Páez, a soldier at heart, started moving up the ranks by winning year after year several engagements against the royalists with his band of marauding llaneros (plainsmen). He came to be known by the nicknames of "El Centauro de los Llanos" (The Centaur of the Plains), and "El León de Payara" (The Lion of Payara) or (The Lion of Apure).

Páez had been leading the fighting in the plains while Simón Bolívar was busy with the eastern part of the country. Early in 1818, both men met to discuss better coordination of their efforts. They briefly combined their forces to fight Pablo Morillo. This campaign included an incident wherein Páez and fifty of his men swam on horseback across the alligator-ridden Apure River, seizing fourteen enemy boats in a rare instance of a cavalry attack defeating naval forces.

Páez was soon ordered to go back to the western plains, where he took from the Spanish the city of San Fernando in Apure.

Páez won all of six major battles that he led by himself, the most celebrated one being the Battle of Las Queseras del Medio.

Late in 1820, an armistice had been signed with the Spanish commander and a temporary suspension of hostilities had taken place. However, ongoing developments were making difficult to maintain the armistice and, consequently, it was agreed it would lapse on 28 April 1821.

All five major fighting groups of the Venezuelan army were to start moving towards a central area.
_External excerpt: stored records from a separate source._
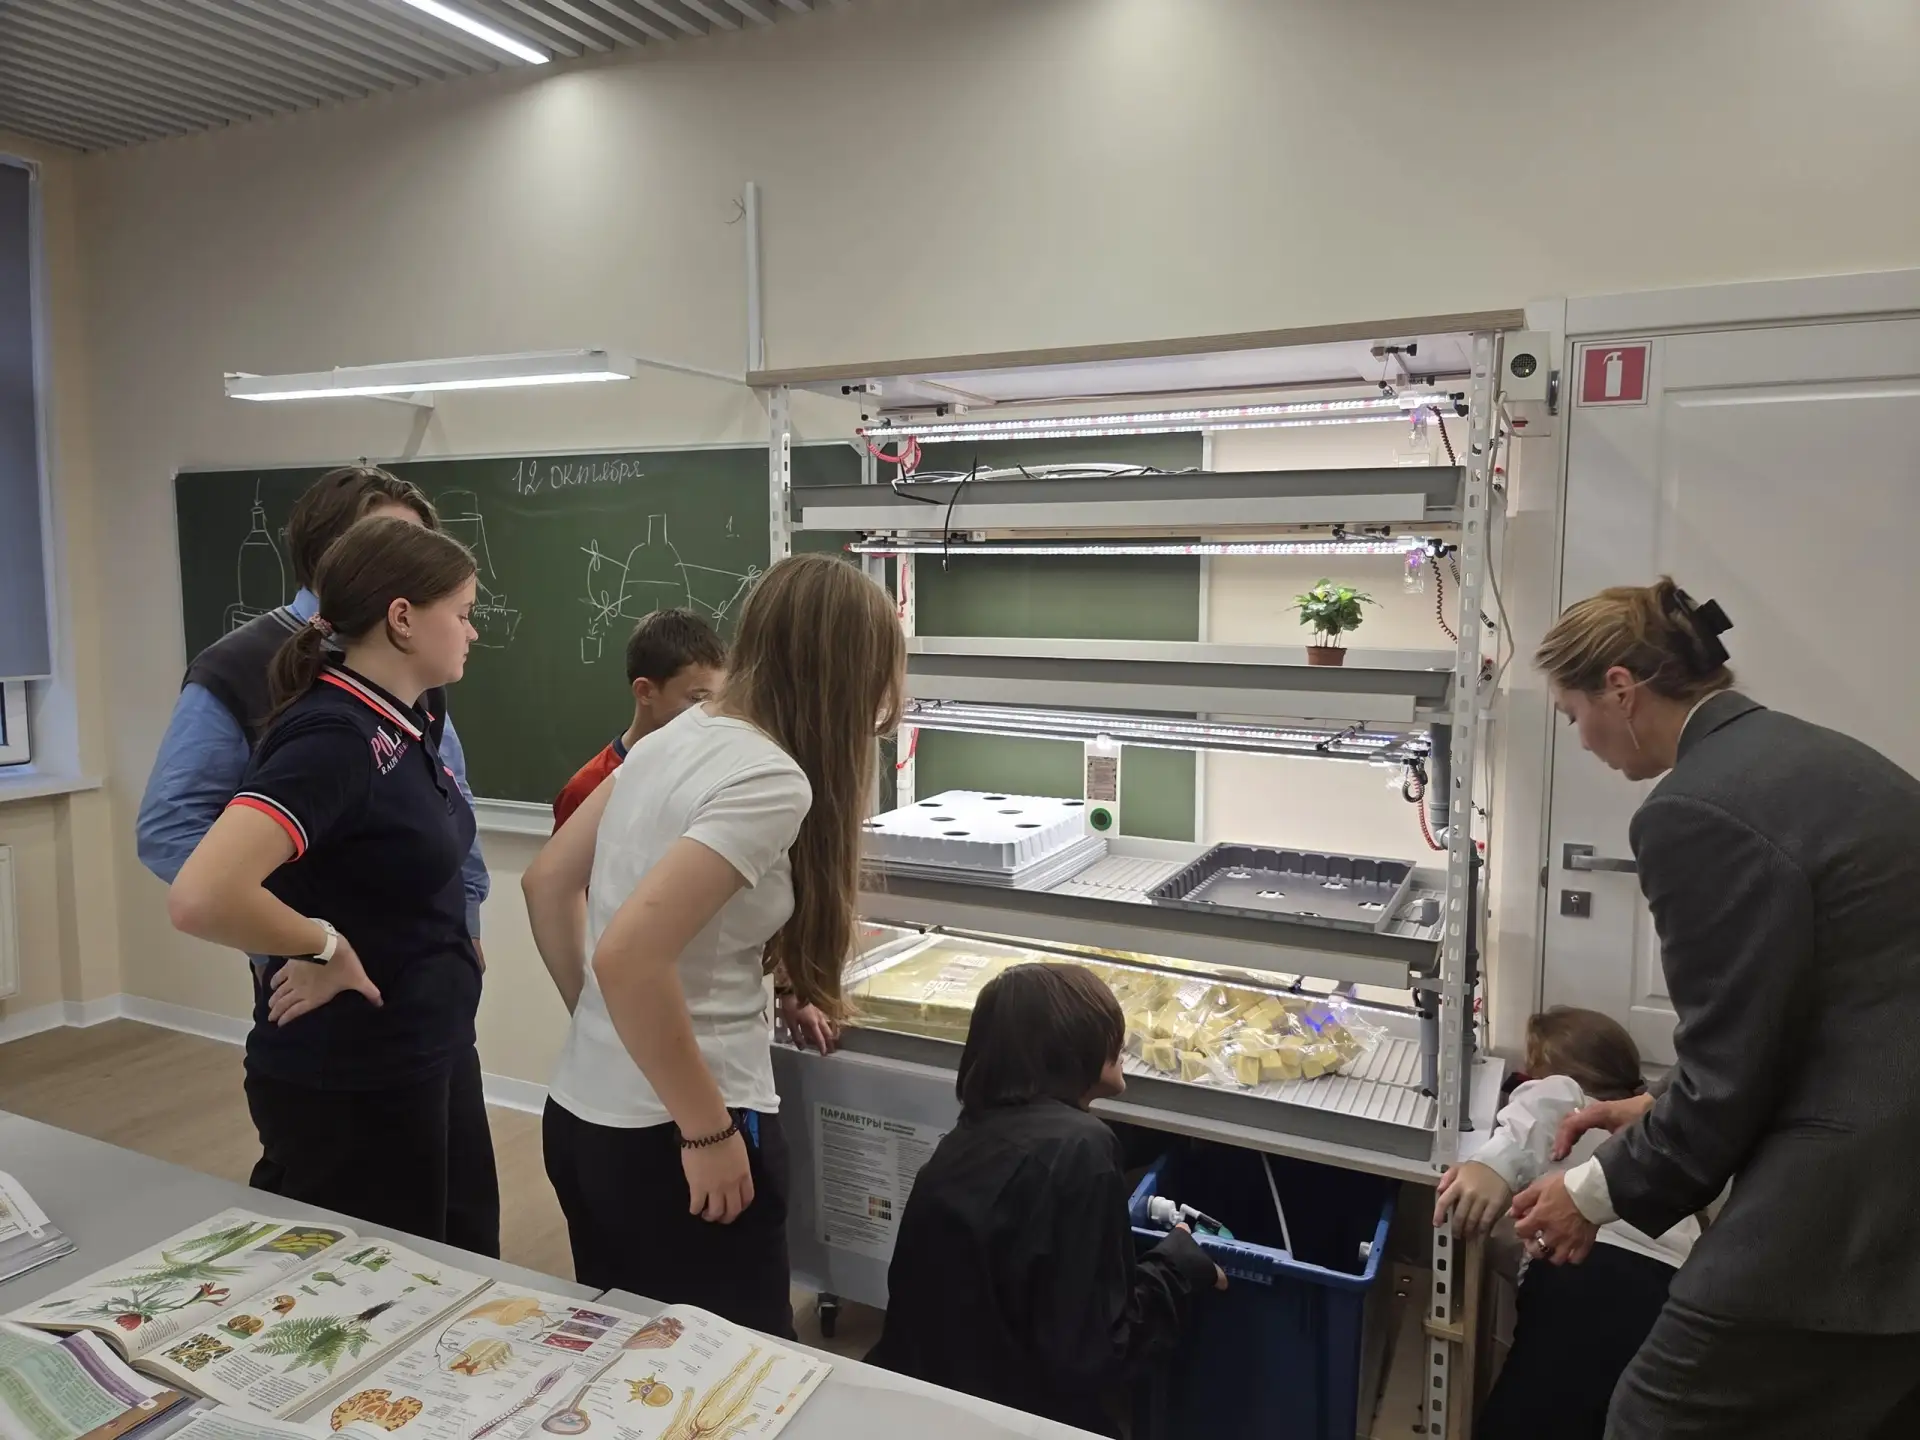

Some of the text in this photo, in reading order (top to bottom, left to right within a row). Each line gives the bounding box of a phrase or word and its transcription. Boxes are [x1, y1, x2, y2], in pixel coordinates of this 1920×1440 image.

[512, 460, 544, 496] 12
[370, 725, 402, 769] POL
[820, 1106, 882, 1129] ПАРАМЕТРЫ
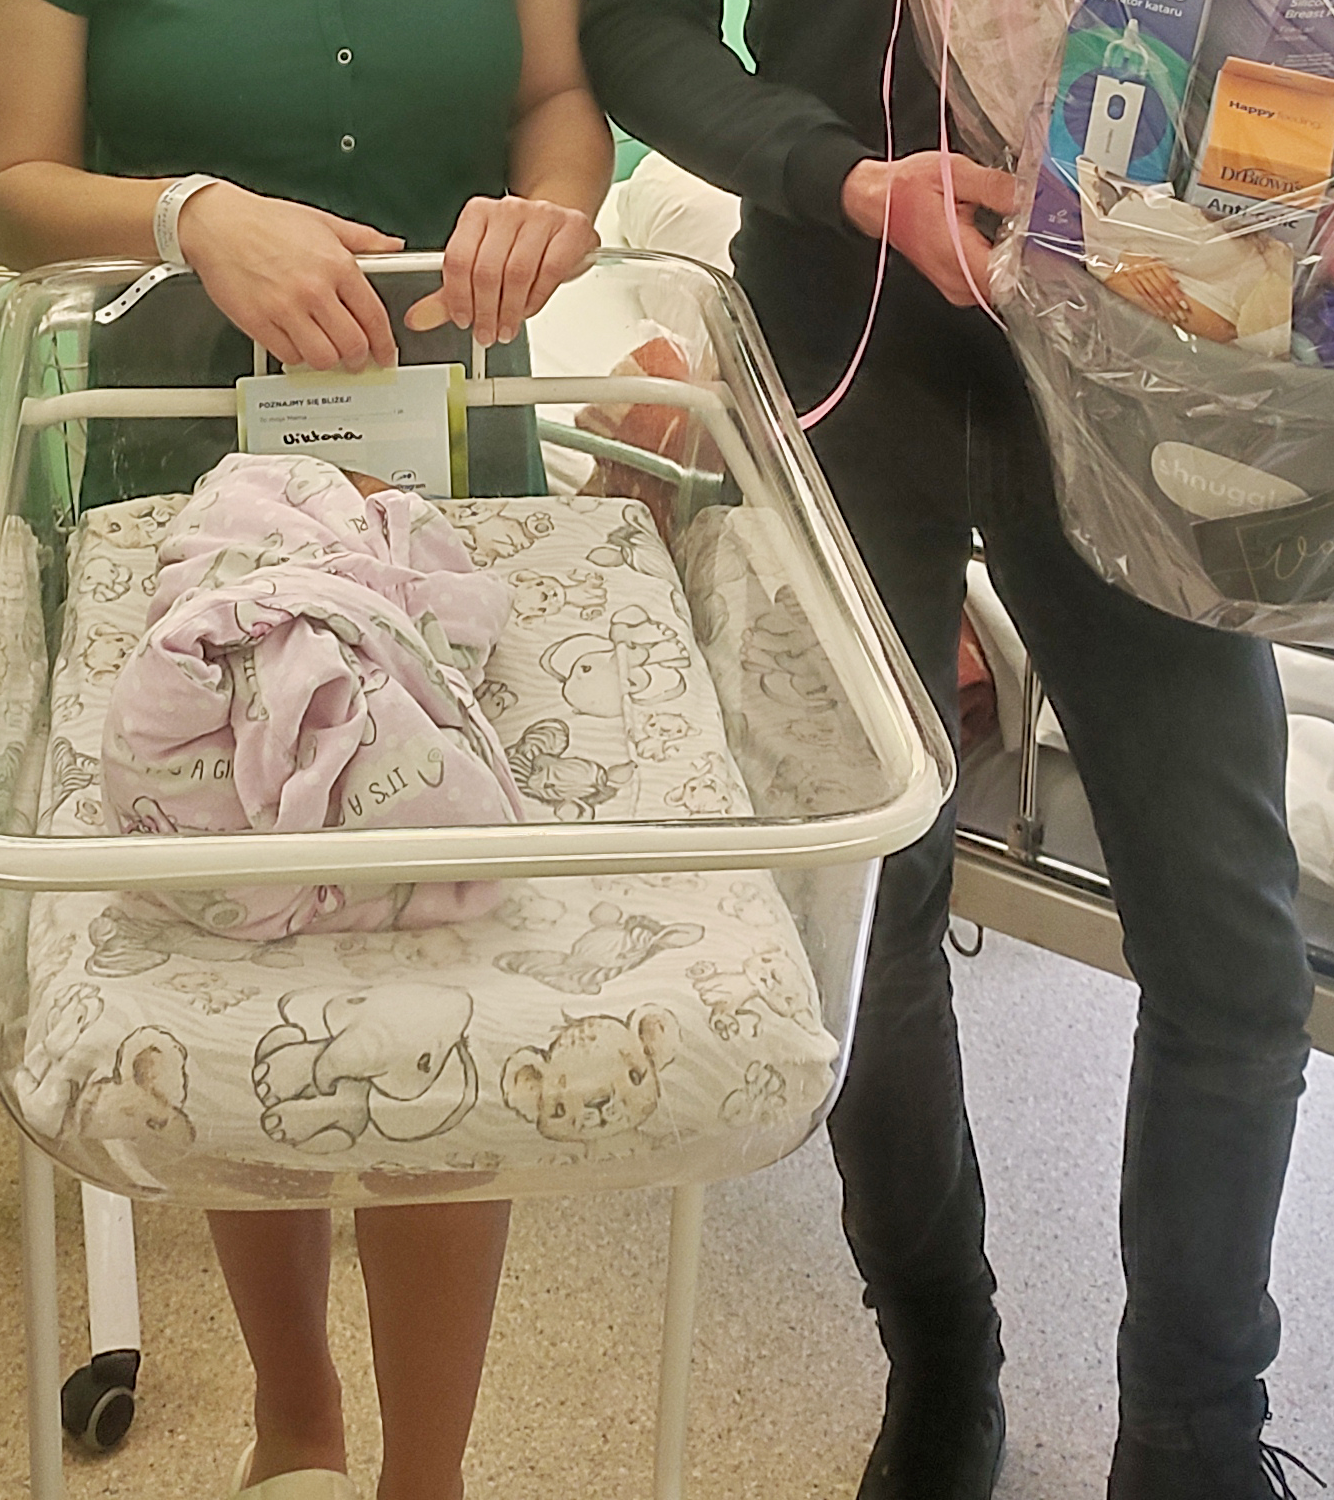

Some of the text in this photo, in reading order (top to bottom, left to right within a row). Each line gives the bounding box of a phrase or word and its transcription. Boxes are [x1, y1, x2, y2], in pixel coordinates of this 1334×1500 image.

[1145, 0, 1183, 17] kataru
[1285, 8, 1324, 19] Breast
[1229, 100, 1275, 119] Happy
[259, 400, 304, 409] POZNAJMY
[1158, 457, 1277, 507] shnuggl
[190, 759, 205, 780] A
[347, 766, 409, 817] IT'S A
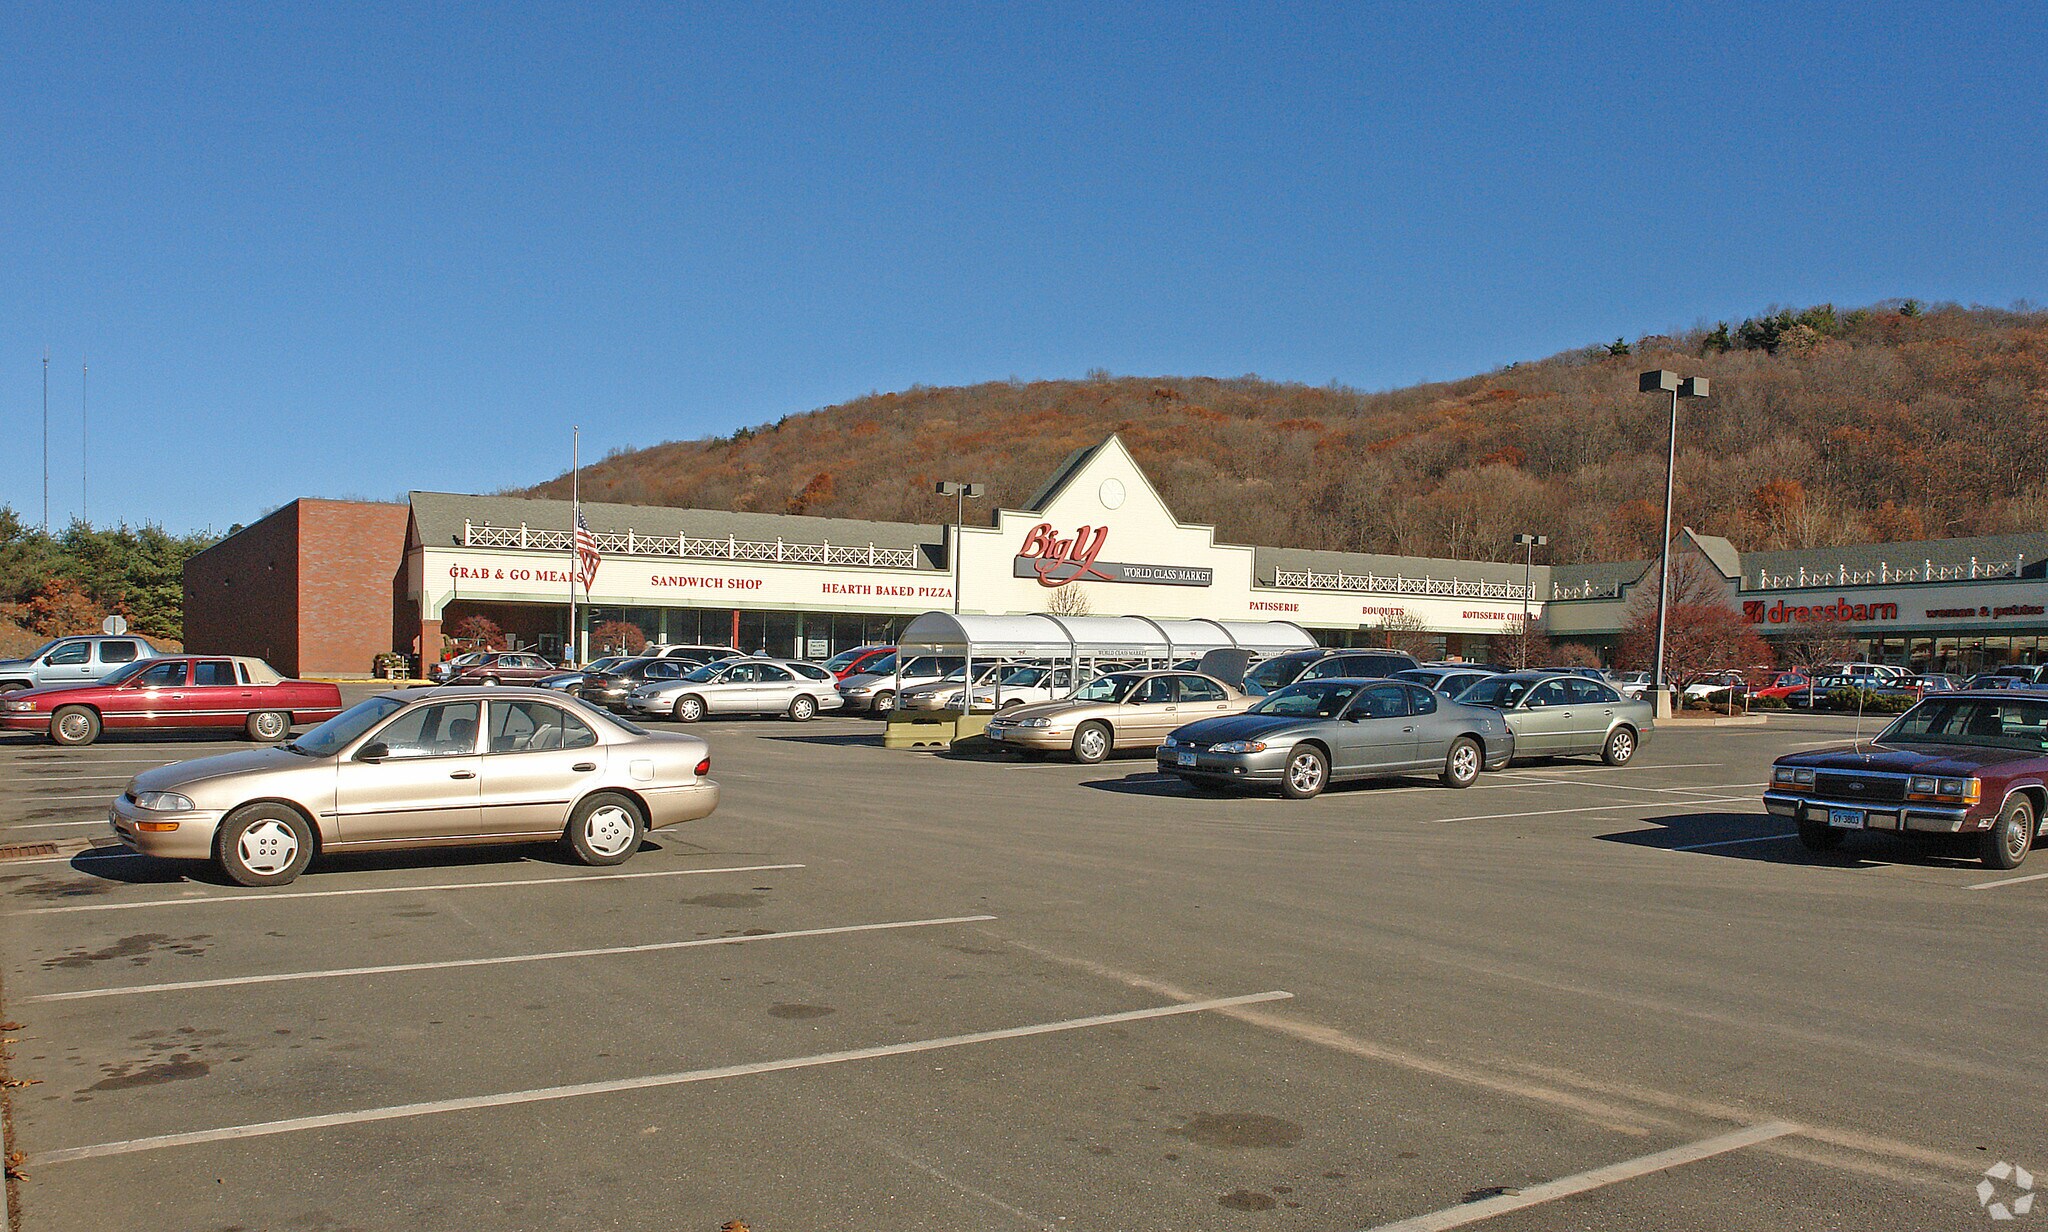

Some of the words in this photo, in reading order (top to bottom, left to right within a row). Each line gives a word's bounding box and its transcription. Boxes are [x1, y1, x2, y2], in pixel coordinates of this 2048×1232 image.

[1017, 523, 1074, 574] Big
[449, 566, 490, 579] GRAB
[494, 568, 505, 580] &
[509, 569, 530, 581] GO
[1123, 567, 1152, 579] WORLD
[1154, 568, 1177, 580] CLASS
[1179, 570, 1211, 582] MARKET
[651, 575, 723, 589] SANDWICH
[727, 578, 763, 590] SHOP
[822, 583, 871, 595] HEARTH
[876, 585, 915, 597] BAKED
[918, 587, 953, 598] PIZZA
[1249, 601, 1300, 612] PATISSERIE
[1362, 606, 1405, 616] BOUQUETS
[1767, 597, 1897, 624] dressbarn
[1979, 606, 1990, 617] &
[1462, 610, 1505, 620] ROTISSERIE
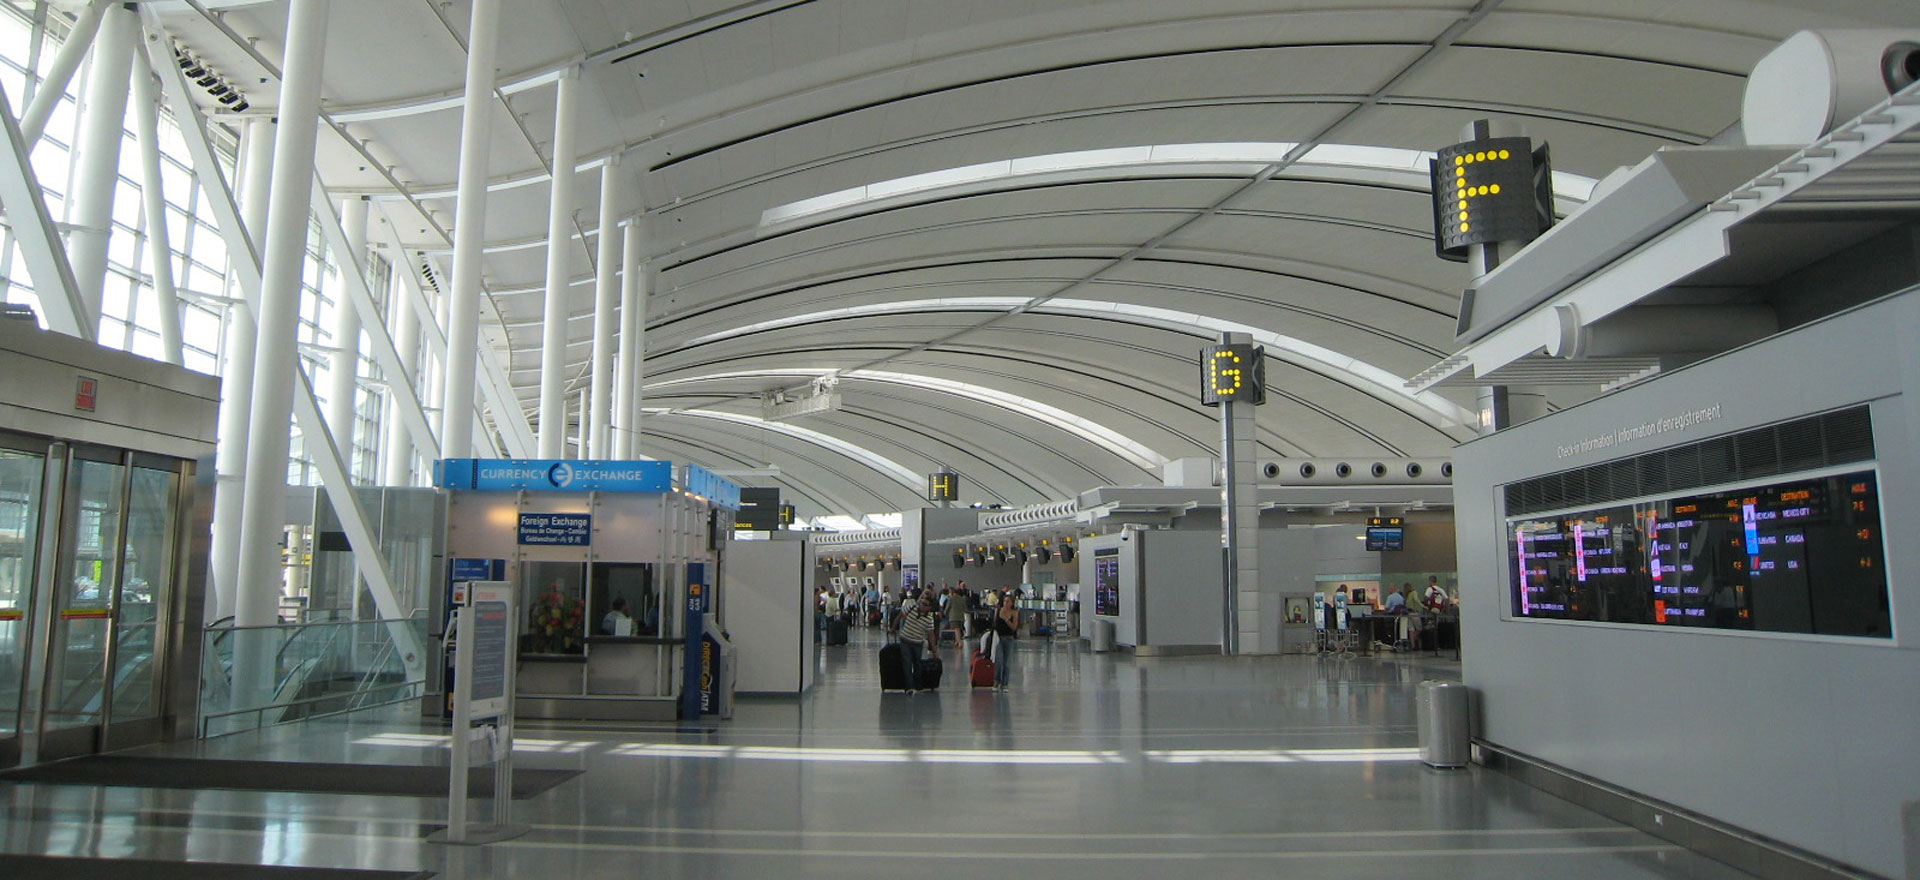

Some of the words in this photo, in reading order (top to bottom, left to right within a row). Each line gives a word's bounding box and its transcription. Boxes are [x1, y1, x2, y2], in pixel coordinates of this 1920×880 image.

Some with the purpose of joining together in one single group and others with the intention of guarding the approach to that region to prevent royalists units from other far away areas from converging and reinforcing the main Spanish army stationed in the same area.

In early June 1821, the 6,500 men republican army was divided and organized in three divisions. The 1st division, made up of 2,500 men, was under Páez's command and formed by two battalions: Bravos de Apure (Apure Braves) and Cazadores Britanicos (British Hunters or as more often translated to English, the British Legions) and seven cavalry regiments.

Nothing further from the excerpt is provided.